Entre 1790 et 1820, en trois décennies seulement, près de 325 000 esclaves sont entrés à Cuba, dont 100 000 pour la seule période 1817-1820, soit 4 fois et demie plus que sur les trois décennies précédent 1792[11]. À partir des années 1820, marquée par une conjoncture économique moins favorable, le rythme d'importation des esclaves se ralentit à 8 000 par an[8]. En 1841, l'île compte 138 000 esclaves dans le sucre et 115 000 esclaves dans le café. Ce dernier chiffre reviendra à 26 000 en 1862, soit près de 4 fois moins, les propriétaires les ayant revendus aux plantations sucrières devenues beaucoup plus rentables.

Le repli après 1835[modifier | modifier le code]

La concurrence haïtienne et brésilienne fait chuter les cours[modifier | modifier le code]

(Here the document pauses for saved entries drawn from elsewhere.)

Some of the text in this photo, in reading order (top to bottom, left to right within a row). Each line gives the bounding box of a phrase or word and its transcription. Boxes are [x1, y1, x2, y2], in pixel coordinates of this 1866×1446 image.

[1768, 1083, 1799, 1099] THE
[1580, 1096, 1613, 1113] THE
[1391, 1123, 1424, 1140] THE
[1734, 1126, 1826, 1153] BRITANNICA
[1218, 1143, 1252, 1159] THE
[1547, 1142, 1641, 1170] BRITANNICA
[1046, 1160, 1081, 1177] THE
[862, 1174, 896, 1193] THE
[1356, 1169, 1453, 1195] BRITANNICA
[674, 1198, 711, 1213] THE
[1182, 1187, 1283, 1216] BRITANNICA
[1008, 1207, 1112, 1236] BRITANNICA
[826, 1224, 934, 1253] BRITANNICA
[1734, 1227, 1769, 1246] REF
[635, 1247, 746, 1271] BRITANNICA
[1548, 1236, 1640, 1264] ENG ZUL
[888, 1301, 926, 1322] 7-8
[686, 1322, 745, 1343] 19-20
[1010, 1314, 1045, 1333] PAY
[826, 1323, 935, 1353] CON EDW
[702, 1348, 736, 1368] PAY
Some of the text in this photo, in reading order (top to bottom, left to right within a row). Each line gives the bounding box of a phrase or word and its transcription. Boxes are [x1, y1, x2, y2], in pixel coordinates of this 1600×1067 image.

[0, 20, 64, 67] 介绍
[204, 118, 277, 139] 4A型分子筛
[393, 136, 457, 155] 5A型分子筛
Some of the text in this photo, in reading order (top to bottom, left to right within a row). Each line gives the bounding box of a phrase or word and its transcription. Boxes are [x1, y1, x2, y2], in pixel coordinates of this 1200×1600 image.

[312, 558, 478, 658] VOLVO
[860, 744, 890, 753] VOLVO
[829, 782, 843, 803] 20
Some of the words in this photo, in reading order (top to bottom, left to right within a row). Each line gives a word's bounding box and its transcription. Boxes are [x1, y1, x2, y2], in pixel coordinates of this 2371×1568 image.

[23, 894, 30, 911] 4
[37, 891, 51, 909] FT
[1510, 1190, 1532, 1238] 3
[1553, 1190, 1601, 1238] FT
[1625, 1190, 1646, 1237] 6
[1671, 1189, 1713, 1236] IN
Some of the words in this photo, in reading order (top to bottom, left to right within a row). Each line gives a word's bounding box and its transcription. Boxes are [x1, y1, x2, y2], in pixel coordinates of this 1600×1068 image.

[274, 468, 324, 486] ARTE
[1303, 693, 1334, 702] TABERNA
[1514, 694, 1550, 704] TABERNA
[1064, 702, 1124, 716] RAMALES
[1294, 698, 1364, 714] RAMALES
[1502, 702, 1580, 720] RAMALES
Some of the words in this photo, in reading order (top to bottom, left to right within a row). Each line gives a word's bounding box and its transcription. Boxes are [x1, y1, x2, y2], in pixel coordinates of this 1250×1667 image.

Les planteurs de café français émigrés à Cuba subissent à partir de la fin des années 1810 la forte concurrence de leurs anciens esclaves, qui ont en général abandonné la canne à sucre pour se centrer sur la culture du café[12], d'abord exporté principalement aux États-Unis et au Royaume-Uni, dans le cadre de la Convention commerciale tripartite de 1799. L'Angleterre encourage l'importation de café haïtien, alors que la nouvelle république noire peine à faire reconnaitre par de nouveaux présidents américains favorables à l'esclavage. Un premier traité anglo-espagnol pour l'abolition de la traite négrière à Cuba est signé dès 1817 et combattu par Francisco Arrango y Parreño. Il prévoit un délai de trois ans pour mettre en place l'abolition et un dédommagement anglais de 4 000 000 sterling à Cuba. Comme il n'est pas respecté un nouveau traité sera nécessaire en 1835. En 1822, Haïti exporte 35,1 millions de livres de café vers l’Angleterre, deux fois plus que Cuba. Avec 0,65 million de livres exporté seulement, le sucre disparaît d'Haïti[13]. La principale source d'exportation haïtienne est le café, malgré un début de baisse de son prix de vente. La France ne représente plus qu’un quart des exportations haïtiennes et les États-Unis un tiers.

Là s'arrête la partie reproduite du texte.